- Opening Delimiter -

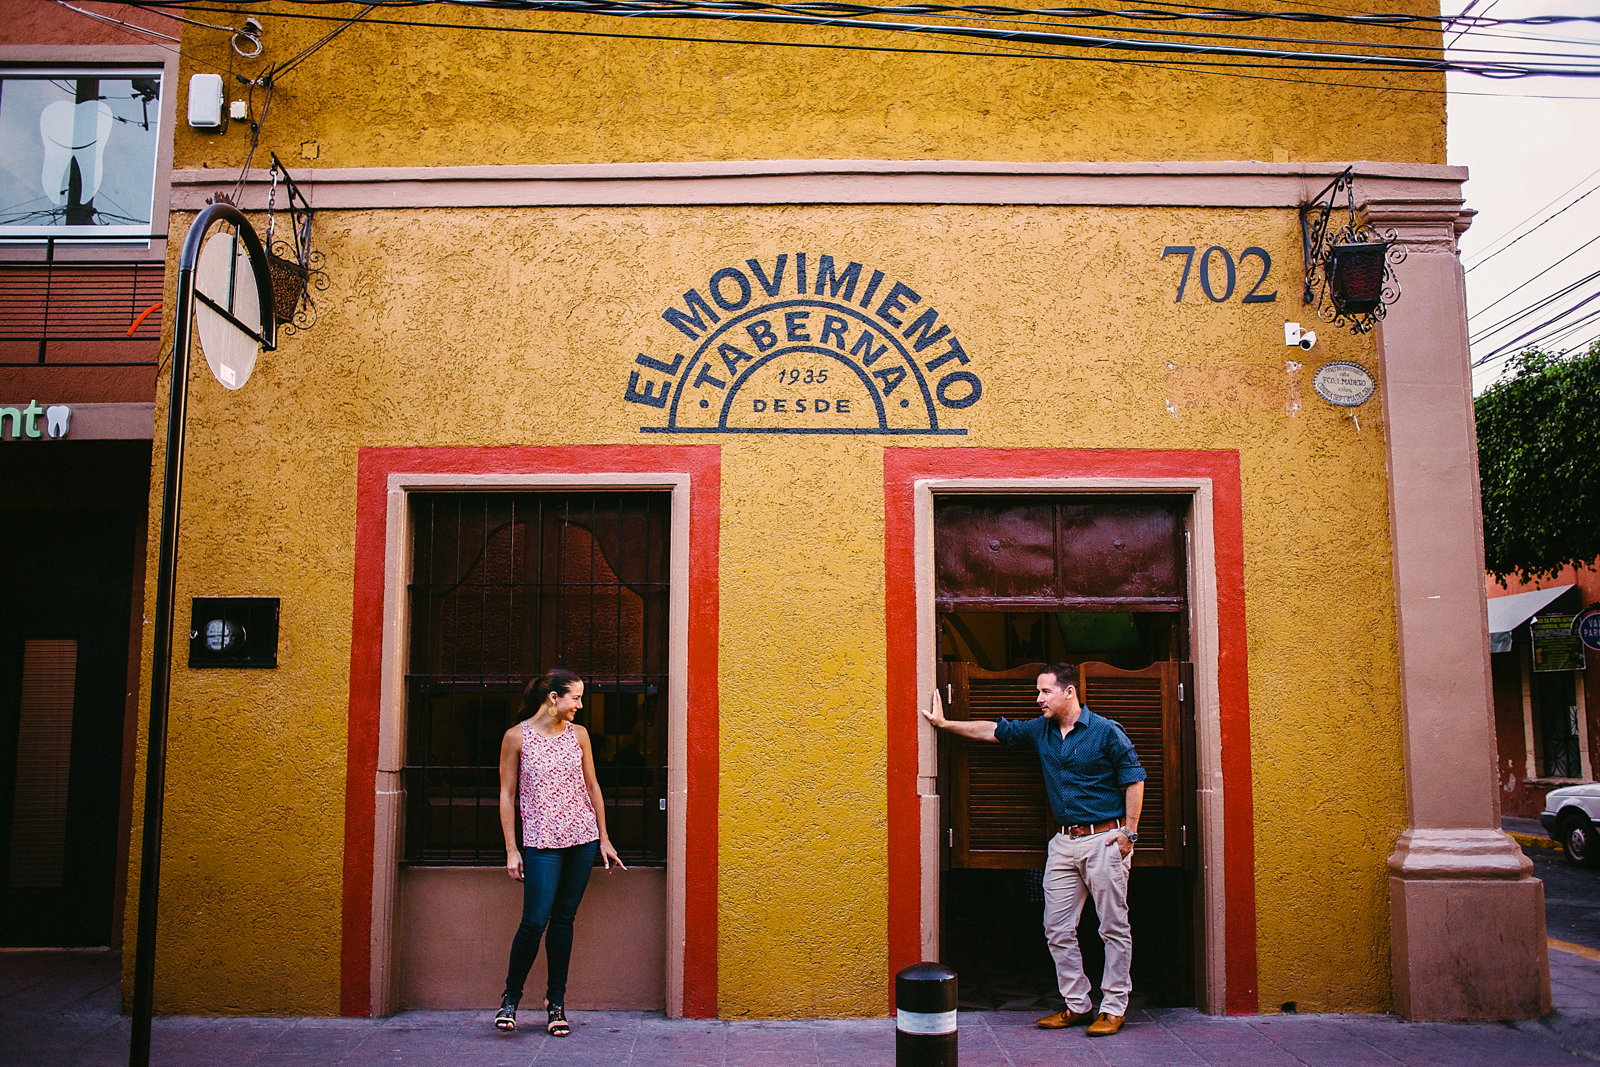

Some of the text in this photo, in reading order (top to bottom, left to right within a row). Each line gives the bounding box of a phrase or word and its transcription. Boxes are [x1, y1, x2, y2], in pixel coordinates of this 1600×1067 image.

[1160, 246, 1278, 303] 702
[624, 252, 982, 410] EL MOVIMIENTO
[693, 311, 907, 397] TABERNA
[779, 369, 828, 385] 1935
[753, 399, 850, 413] DESDE
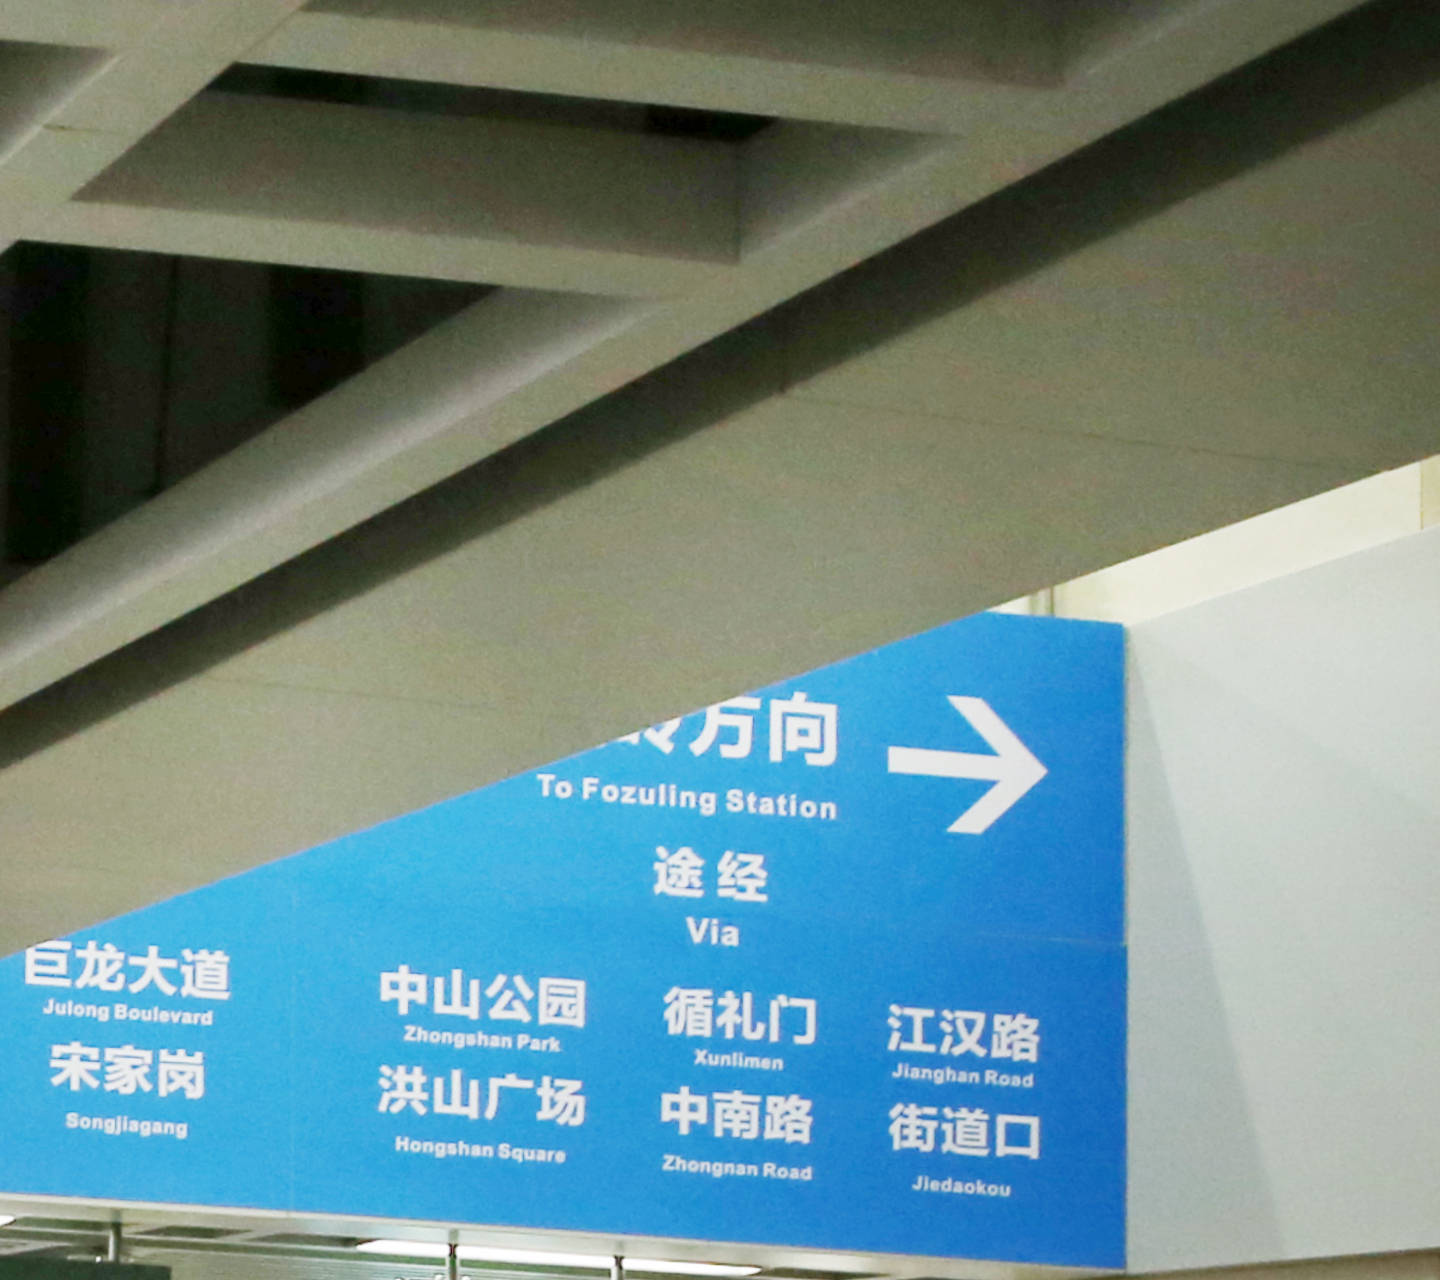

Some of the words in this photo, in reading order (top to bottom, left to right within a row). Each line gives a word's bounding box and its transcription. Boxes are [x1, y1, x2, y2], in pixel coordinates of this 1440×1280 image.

[537, 773, 572, 801] To
[582, 777, 716, 816] Fozuling
[726, 789, 837, 820] Station
[652, 846, 769, 904] 途经
[686, 916, 741, 948] Via
[25, 941, 231, 1001] 巨龙大道
[43, 999, 109, 1026] Julong
[115, 1002, 213, 1027] Boulevard
[380, 964, 587, 1028] 中山公园
[663, 986, 817, 1047] 循礼门
[403, 1025, 510, 1052] Zhongshan
[517, 1032, 561, 1052] Park
[887, 1004, 1042, 1064] 江汉路
[50, 1042, 205, 1101] 宋家岗
[694, 1049, 784, 1071] Xunlimen
[892, 1062, 979, 1089] Jianghan
[985, 1069, 1034, 1088] Road
[377, 1065, 587, 1128] 洪山广场
[660, 1086, 813, 1146] 中南路
[66, 1112, 188, 1140] Songjiagang
[888, 1104, 1041, 1161] 街道口
[394, 1136, 493, 1163] Hongshan
[499, 1142, 566, 1166] Square
[662, 1155, 756, 1181] Zhongnan
[762, 1159, 813, 1182] Road
[911, 1175, 1012, 1198] Jiedaokou

- Closing Delimiter -

Exercise aim
Give the records again exactly as they stand, so that only the pictures are missing.

Response box
Some of the text in this photo, in reading order (top to bottom, left to right within a row). Each line gives the bounding box of a phrase or word and its transcription. Boxes are [x1, y1, x2, y2], in pixel coordinates of this 1600×1067 image.

[1160, 246, 1278, 303] 702
[624, 252, 982, 410] EL MOVIMIENTO
[693, 311, 907, 397] TABERNA
[779, 369, 828, 385] 1935
[753, 399, 850, 413] DESDE

Some of the words in this photo, in reading order (top to bottom, left to right within a row). Each line gives a word's bounding box and its transcription. Boxes are [x1, y1, x2, y2], in pixel coordinates of this 1440×1280 image.

[537, 773, 572, 801] To
[582, 777, 716, 816] Fozuling
[726, 789, 837, 820] Station
[652, 846, 769, 904] 途经
[686, 916, 741, 948] Via
[25, 941, 231, 1001] 巨龙大道
[43, 999, 109, 1026] Julong
[115, 1002, 213, 1027] Boulevard
[380, 964, 587, 1028] 中山公园
[663, 986, 817, 1047] 循礼门
[403, 1025, 510, 1052] Zhongshan
[517, 1032, 561, 1052] Park
[887, 1004, 1042, 1064] 江汉路
[50, 1042, 205, 1101] 宋家岗
[694, 1049, 784, 1071] Xunlimen
[892, 1062, 979, 1089] Jianghan
[985, 1069, 1034, 1088] Road
[377, 1065, 587, 1128] 洪山广场
[660, 1086, 813, 1146] 中南路
[66, 1112, 188, 1140] Songjiagang
[888, 1104, 1041, 1161] 街道口
[394, 1136, 493, 1163] Hongshan
[499, 1142, 566, 1166] Square
[662, 1155, 756, 1181] Zhongnan
[762, 1159, 813, 1182] Road
[911, 1175, 1012, 1198] Jiedaokou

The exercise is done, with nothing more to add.